Zunächst mal scheint meine Idee des "Anything goes" nicht wirklich zu funktionieren. Wenn man die Spieler nicht an einem günstigen Punkt und mit günstigen Rahmenbedingungen und ausführlichen Vorkenntnissen "abholt", entwickelt sich das Anything-goes immer rasch zum Nothing-goes. Niemand hält was von der Demokratie am Spieltisch, alle wollen möglichst mit Setting und Charakteren "beliefert" werden, und niemand hat am Spielabend selber Lust dazu, irgendwelche Beschreibungen oder Regeln durchzulesen. Und englischsprachige Regelbücher sind ja für 90% der Spieler sowieso igittigitt... nein, das ist ja anstrengend, das ist ja alles auf Englisch, also fassen wir das gar nicht an.
Nur die üblichen Probleme, die es auch bei Nicht-Anime-Spielen gibt.
Aber nachdem ich über solche Hürden inzwischen leicht hinwegblicken kann, habe ich das vorhandene Material noch mal selber gesichtet und eingegrenzt. Ich weiß nun, was ankommt und was weniger. Ich konnte einige Schwerpunkte herausfinden und mir für die kommenden Sessions ein paar Notizen machen. Mehr wollte ich ja auch nicht.
Big Eyes Small Mouth 2. Edition: Immer noch ganz klar eines meiner Lieblingsbücher. Für Grafik, Aufbau und Klarheit eines Regelwerks für mich eindeutig die Messlatte! Ein echtes Vorbild, und das schon seit bald 11 Jahren. Das Taschenbuch ist außerdem unglaublich handlich und attraktiv. Ein grundsolider Klassiker.
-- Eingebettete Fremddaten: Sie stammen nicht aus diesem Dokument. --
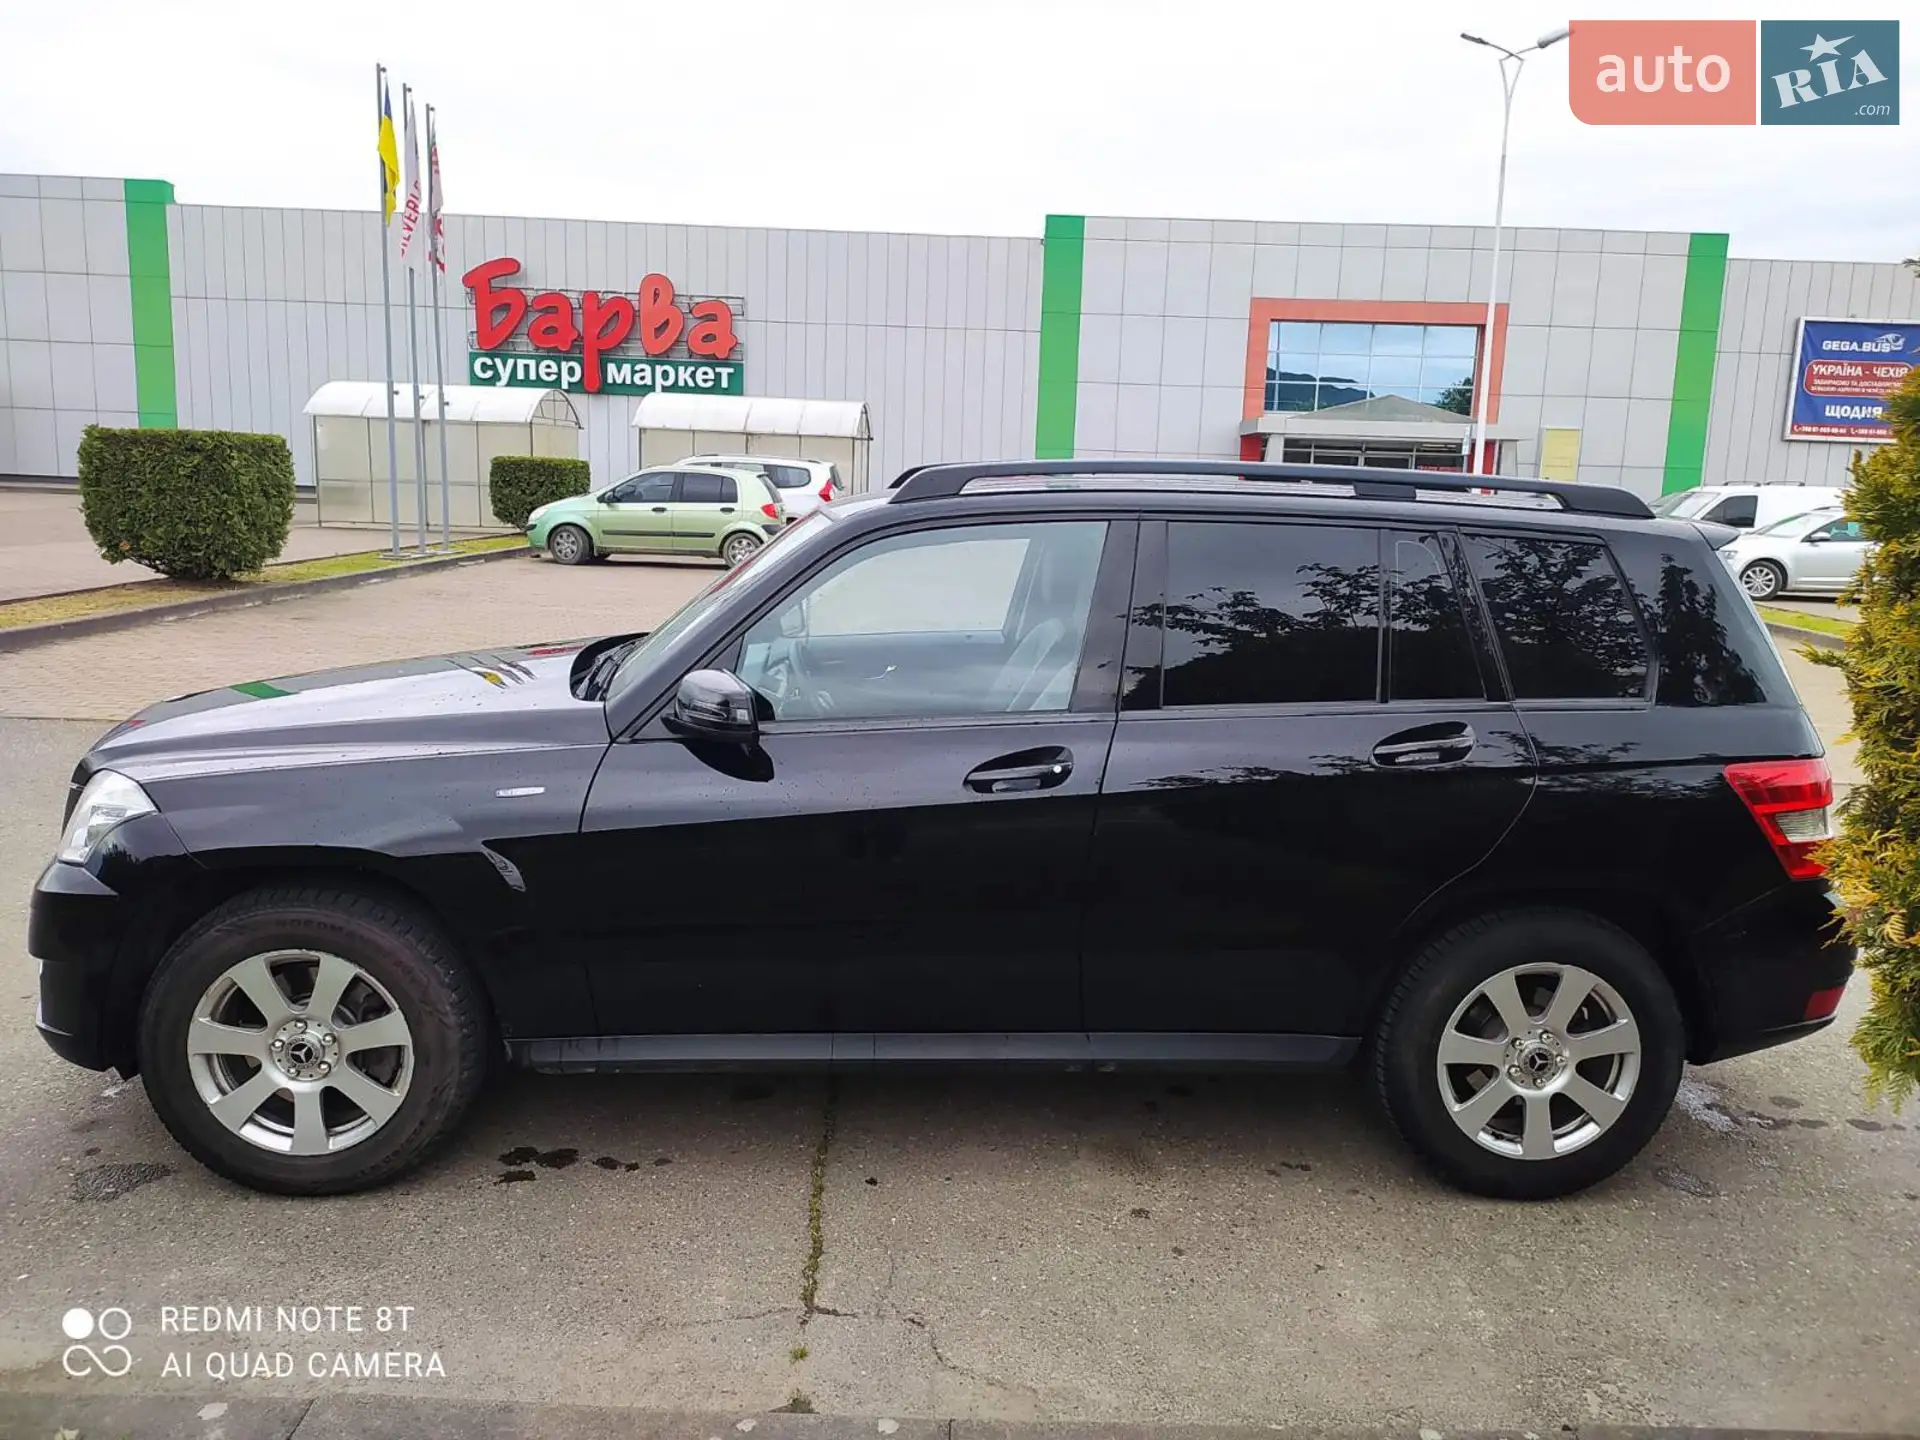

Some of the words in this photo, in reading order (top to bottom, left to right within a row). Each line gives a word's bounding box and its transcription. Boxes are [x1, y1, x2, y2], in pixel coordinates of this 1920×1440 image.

[462, 257, 738, 392] Барва
[1822, 340, 1890, 353] GEGA.BUS
[473, 356, 582, 387] супер
[606, 362, 735, 392] маркет
[1812, 363, 1863, 376] УКРАЇНА
[1873, 366, 1909, 378] ЧЕХІЯ
[1825, 405, 1883, 419] ЩОДНЯ
Ich hoffe, dass mal irgendein anderer Verlag die Lizenz für BESM kauft und das System neu auflegt. - Die einzigen Nachteile an BESM 2 sind meiner Ansicht nach, dass es sehr leicht ist, mit seinem Punktesystem unaufhaltsame Schadensmaschinen zu bauen, die mit einem Stockschlag so viel Schaden machen wie eine große Bombe (
... am Nebentisch wurde übrigens RIFTS gezockt, also ist das nicht in allen Systemen ungewöhnlich ...), und dass es eben grundsätzlich ein recht klassisches Trefferpunktesystem hat. Ich selbst habe nicht wirklich Lust auf ein Treffer- oder Lebenspunktesystem auf dem Stand der 90er-Jahre.
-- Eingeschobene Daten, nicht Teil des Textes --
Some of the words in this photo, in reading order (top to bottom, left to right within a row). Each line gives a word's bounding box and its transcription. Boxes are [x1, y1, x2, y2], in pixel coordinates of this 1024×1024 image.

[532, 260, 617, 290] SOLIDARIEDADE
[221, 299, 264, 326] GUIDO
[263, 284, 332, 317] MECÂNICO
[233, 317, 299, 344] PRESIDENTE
Big Eyes Small Mouth 3. Edition: Das Buch übernimmt sehr viel Text und Info wortwörtlich aus der 2. Edition und bläst dieses System nur zusätzlich (und größtenteils unnötig) auf. Eine Charaktererschaffung ganz nach BESM 3 dauert ungefähr so lang wie eine Hero-System-Charaktererschaffung, daher empfehle ich auch hier auf jeden Fall die vorgegebenen Templates und die Textabschnitte zum Thema "K.I.S.S. - Keep it simple, stupid!" Das Buch der 3. Edition an sich ist natürlich eine wahre Schönheit. Eigentlich eine Schande, dass ich es jahrelang nur auf einem Tisch herumliegen ließ (sozusagen als Briefbeschwerer). Ich werde es weiterhin für Fluff-Beispiele verwenden und zu Illustrationszwecken, weil ich allein schon die ganzseitigen Farbbilder von der Zeichnerin Julie Dillon so göttlich finde. Niko Geyer, ein Deutscher, hat übrigens auch seinen Teil dazu getan, dass mir das Buch optisch so gut gefällt.
Open Versatile Anime: Aufgrund seiner Knappheit, des ungewöhnlichen Würfelsystems und der generellen Indie-Natur (frech, klein, fies, aber trotzdem irgendwie umfassend) bereits zum Favoriten gekürt. Eine ausführliche Beschreibung des Systems gibt es ja seit 2007 von mir an einer anderen Stelle dieses Forums. Irgendwie wünsche ich mir insgeheim in meiner perversen Fantasie eine Edition von OVA mit der Papierqualität und dem Artwork von BESM 2e. Dann wäre meine Welt wirklich in Ordnung. Aber unsereins kann ja schließlich kombinieren, wenn die Bücher an sich und die Verlage nicht ganz so wollen, wie man selbst. Einer meiner Bekannten hat gleich gefragt, ob er sich das OVA-Regelbuch mal ausleihen könnte, weil seine Freundin Anime mag, aber noch keine Rollenspielerin sei, aber er hätte halt gern, dass sie auch eine wird, etc.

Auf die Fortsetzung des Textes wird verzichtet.